Data Literacy 7 min read

Disclaimer: This guide is for informational purposes only. It does not constitute medical advice. Clinic selection should involve direct consultation with a reproductive endocrinologist and a thorough evaluation of your individual needs.

Beyond Success Rates: Other Metrics That Matter

Success rates get all the attention, but they are just one dimension of clinic quality. These additional metrics — most of them publicly available — can tell you things that success rates alone cannot.

Key Takeaway

A clinic with a 45% success rate and a 90% single embryo transfer rate is genuinely excellent. A clinic with a 50% success rate and a 40% SET rate is inflating results by transferring multiple embryos — putting patients at risk of twins and triplets.
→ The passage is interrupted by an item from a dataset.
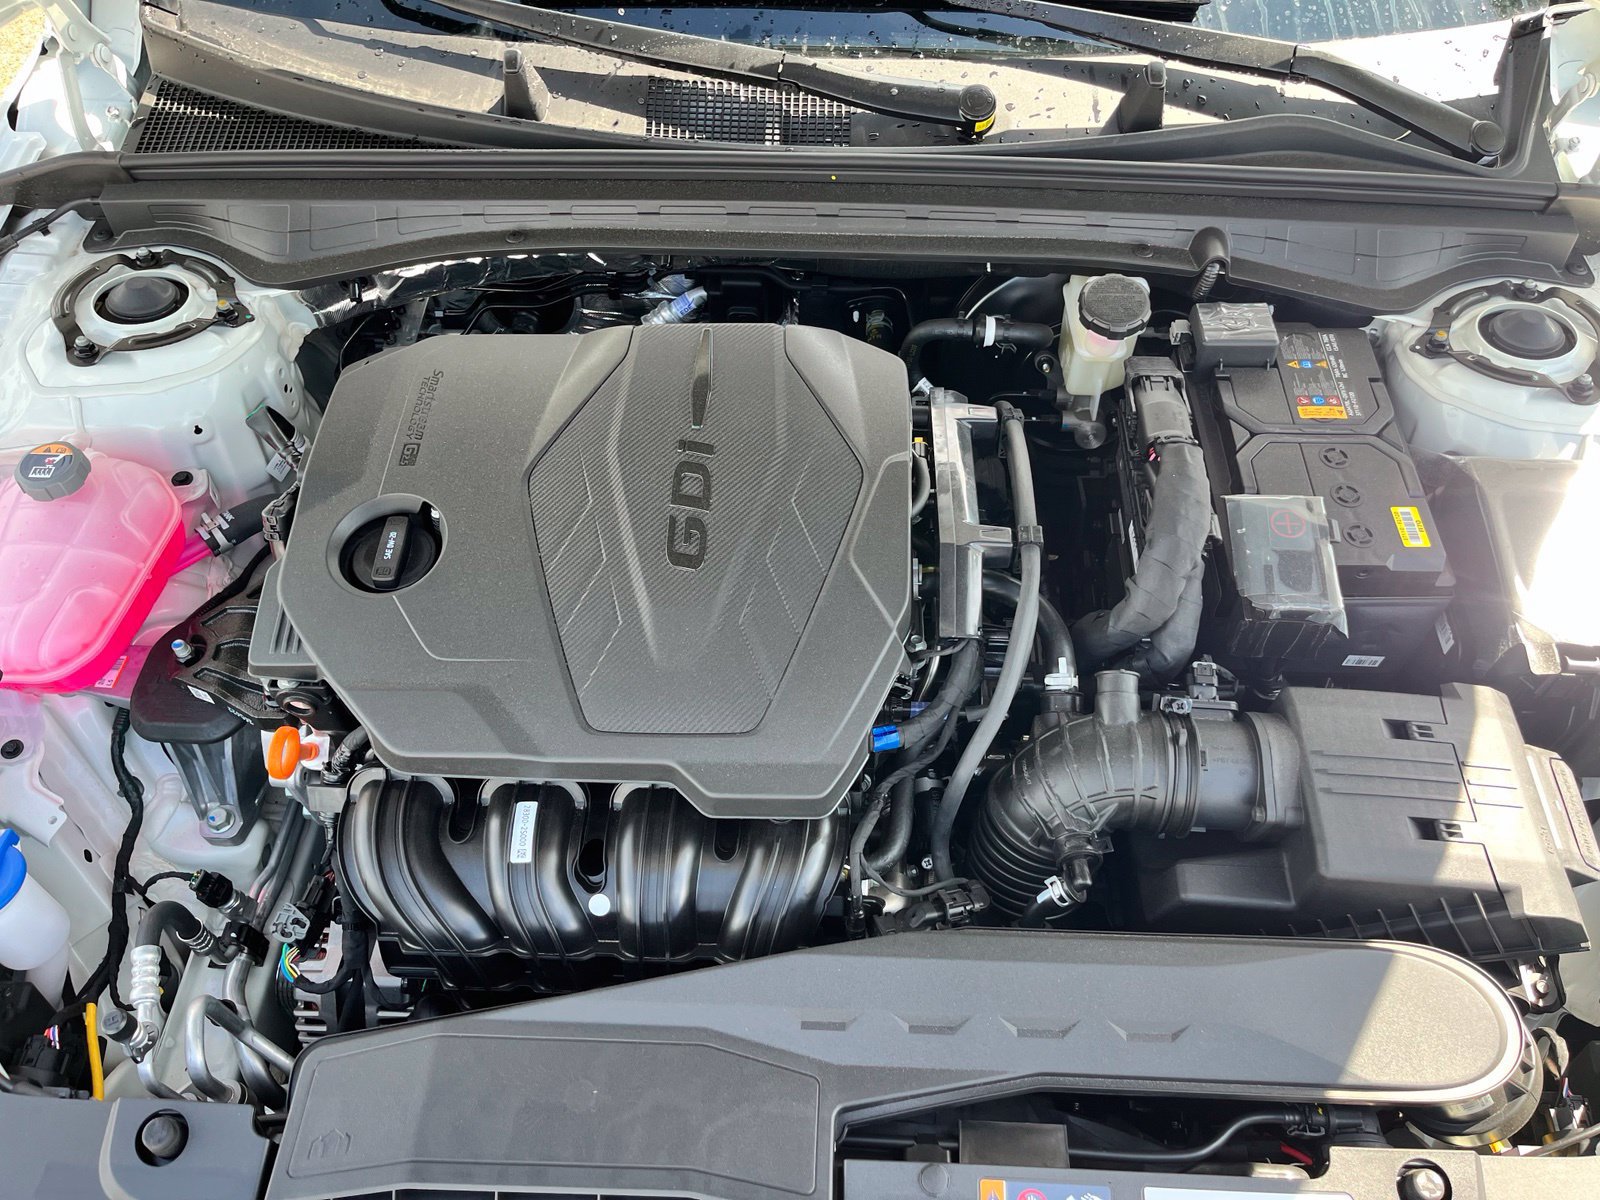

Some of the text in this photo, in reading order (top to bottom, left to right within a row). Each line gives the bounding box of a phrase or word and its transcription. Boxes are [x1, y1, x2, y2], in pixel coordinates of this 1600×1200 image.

[406, 375, 430, 441] TECHNOLOGY
[414, 368, 444, 441] Smartstream
[383, 531, 397, 560] SAE 0W-20
Always look at the full picture.

Single Embryo Transfer (SET) Rate

This is arguably the most underappreciated quality metric in fertility medicine. The SET rate tells you what percentage of embryo transfers used a single embryo rather than multiple embryos.

Why it matters: Transferring multiple embryos inflates per-cycle success rates because the chance of at least one implanting is higher. But multiple transfers also dramatically increase the risk of twins (and triplets), which carry serious health risks:

  • Preterm birth (over 50% of twins are born before 37 weeks)
  • Low birth weight
  • Pre-eclampsia for the mother
  • Neonatal intensive care (NICU) stays averaging $76,000+ per infant
  • Higher rates of long-term developmental complications

Evidence-based practice is to transfer one embryo at a time, especially for patients under 38 with good prognosis. The American Society for Reproductive Medicine (ASRM) has issued clear guidelines recommending SET for most patients.

How to read it: A SET rate above 80% is excellent. Below 50% should raise questions. A clinic with a modest success rate but very high SET rate may be providing more responsible care than a clinic with a flashy success rate built on routine double or triple transfers.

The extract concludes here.